事件当時、韓国の軍事政権により報道規制されていたため、日本ではあまりニュースにならなかったようだ。

2001年までに韓国政府が確認した光州事件での犠牲者(死者)は民間人で168人、軍人23人、警察4人、負傷者は4782人、行方不明406人に達する。

https://www.y-history.net/appendix/wh1703-053.html


映画のストーリーそのものは実話と異なるが、ドイツ人ジャーナリスト:ヒンツペーター氏が撮影した、軍による民間人への鎮圧棒による暴力や一斉射撃などの残虐行為の映像が世界に知れ渡ったことは事実。

1980年5月、民主化を求める大規模な学生・民衆デモが起こり、光州では市民を暴徒とみなした軍が厳戒態勢を敷いていた。「通行禁止時間までに光州に行ったら大金を支払う」というドイツ人記者ピーターを乗せ、光州を目指すことになったソウルのタクシー運転手マンソプは、約束のタクシー代を受け取りたい一心で機転を利かせて検問を切り抜け、時間ギリギリにピーターを光州まで送り届けることに成功する。留守番をさせている11歳の娘が気になるため、危険な光州から早く立ち去りたいマンソプだったが、ピーターはデモに参加している大学生のジェシクや、現地のタクシー運転手ファンらの助けを借り、取材を続けていく。

2017年製作/137分/G/韓国
原題:A Taxi Driver
配給:クロックワークス
劇場公開日:2018年4月21日

https://eiga.com/movie/88117/
https://klockworx-asia.com/taxi-driver/about/

雑感

1980年、お隣の国でこんな事件があったことを知らなかった、が第一印象。
今もそうだが、日本のTVや新聞で欧米のニュースは毎日のように流れてきても、隣国の様子はネット等で情報を取りに行かなければ、その実情は分からない。

この映画の冒頭で、在日中の外国人記者が外国人記者クラブで、日本では国内で実際に起こっていることが何も報道されないことを皮肉っており、それは今も変わらない。
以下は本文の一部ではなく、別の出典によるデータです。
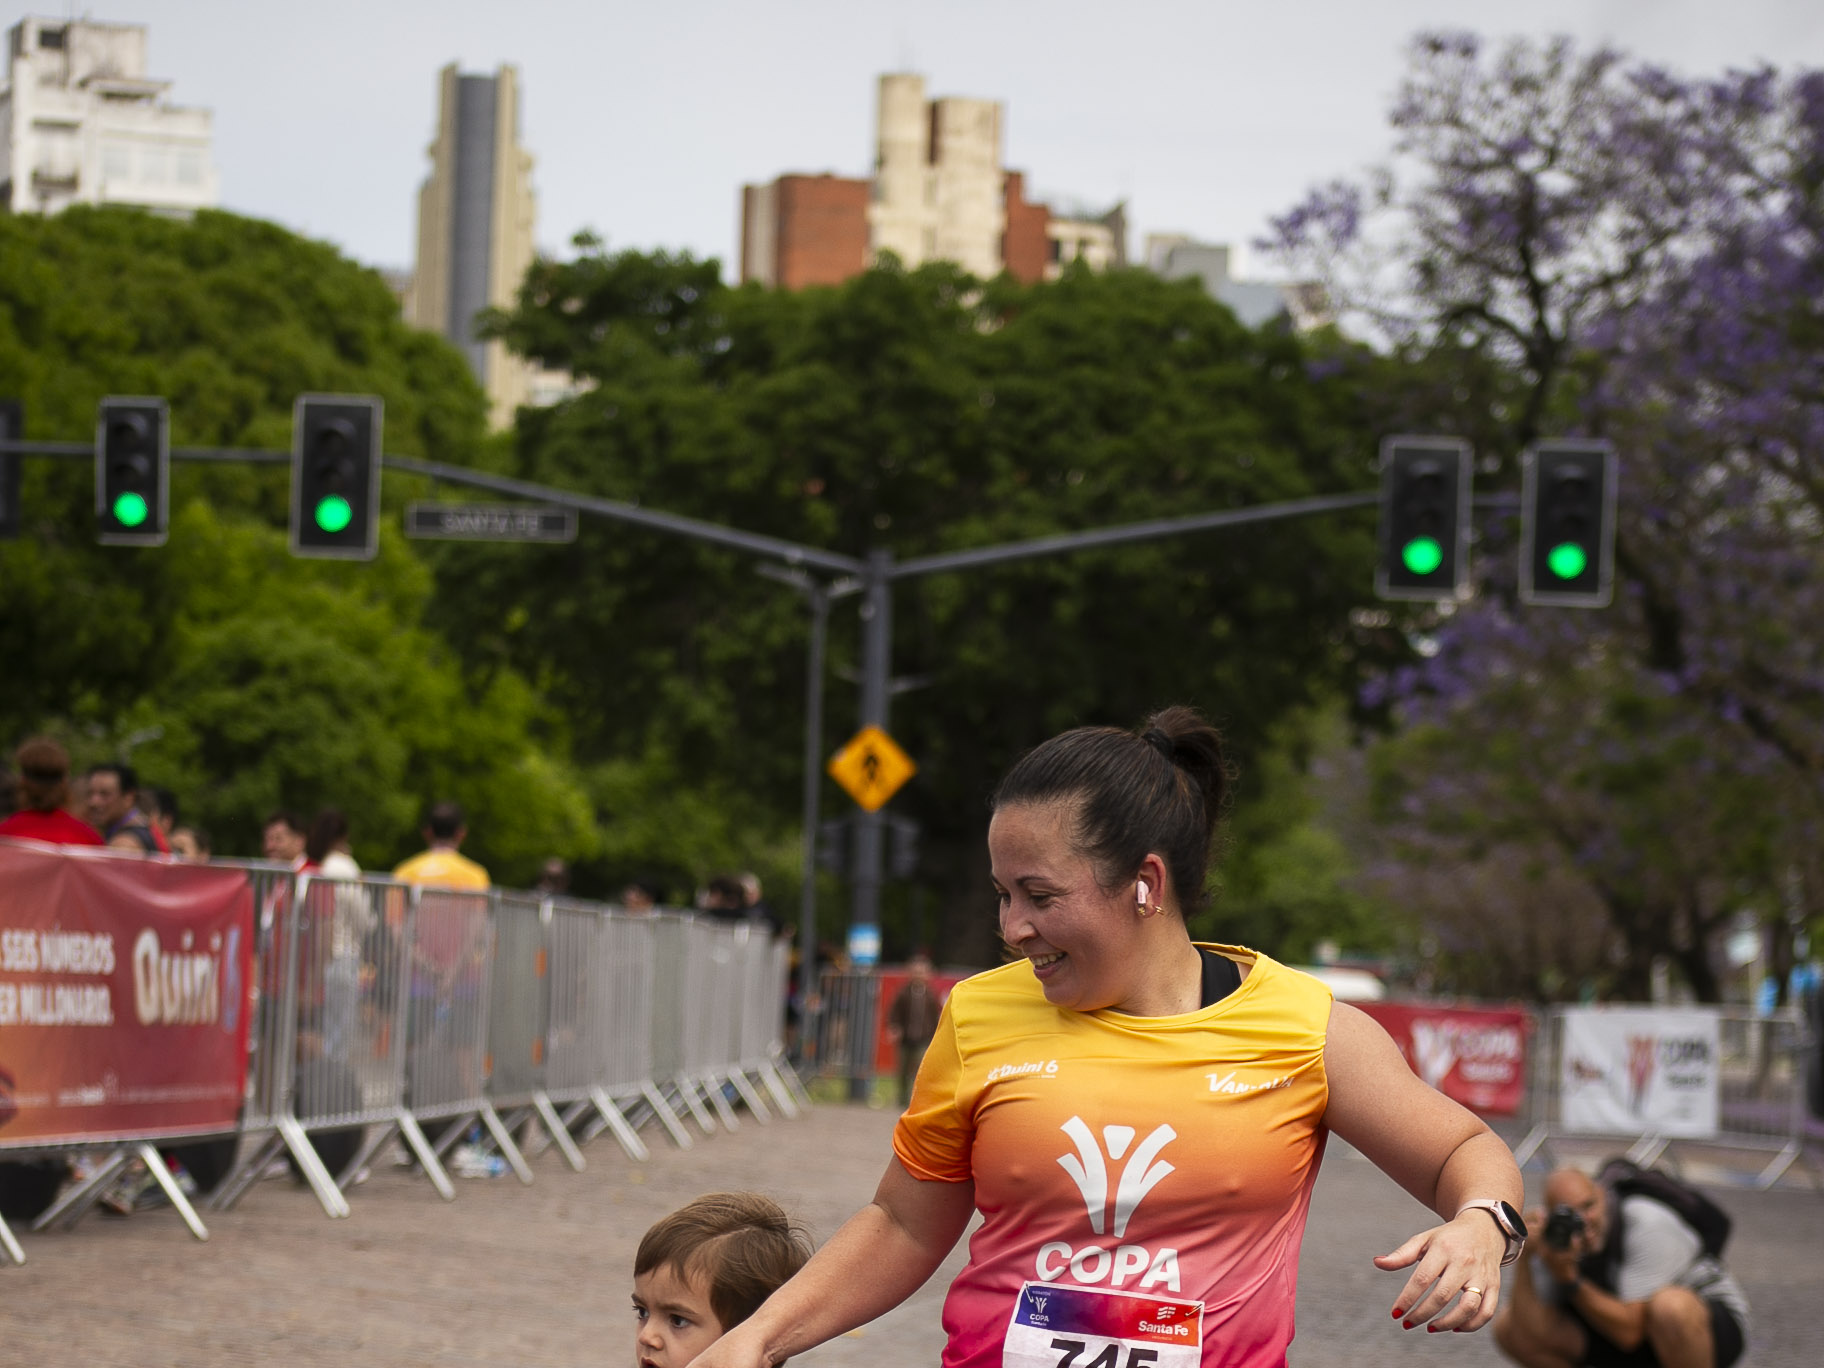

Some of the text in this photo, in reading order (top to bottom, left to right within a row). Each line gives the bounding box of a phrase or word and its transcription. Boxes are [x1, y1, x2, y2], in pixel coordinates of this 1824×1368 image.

日本のマスコミが政府等の記者クラブに所属し続けようと思えば、忖度した記事を書かなければ締め出される。ちなみにフリーランス等が締め出される「記者クラブ」が存在するのは日本、ガボン、ムガベ政権下のジンバブエ等で独特のシステムと言われている。


話を映画に戻すと、ストーリー的には少し尺が長い。
監督が後半で山場にしたかったと思われる、軍用ジープとタクシーのカーチェイスはコミカルでしかない。

シリアス路線の映画に、あのシーンは不要。
物語が重くなるが、光州市民のことをもっと描いても良かったと思う。

光州事件当事者の権利が復権したのは約20年後。
1997年に国の記念日となり、2001年には事件関係者を民主化有功者とする法律が制定。韓国の近代史でもっとも大きな事件の一つ、かつ韓国における民主主義の分岐点となった1987年6月の6月民主抗争の原動力となった。

実在したドイツ人ジャーナリストの情報はこちら。

そして、この映画の主人公の元となった方。

映画の最後にドイツ人ジャーナリスト本人の映像とコメントが流れてくるが、Wikiの情報と矛盾する。
どちらが正しいのかは分からない。

Amazonプライムビデオで視聴できる。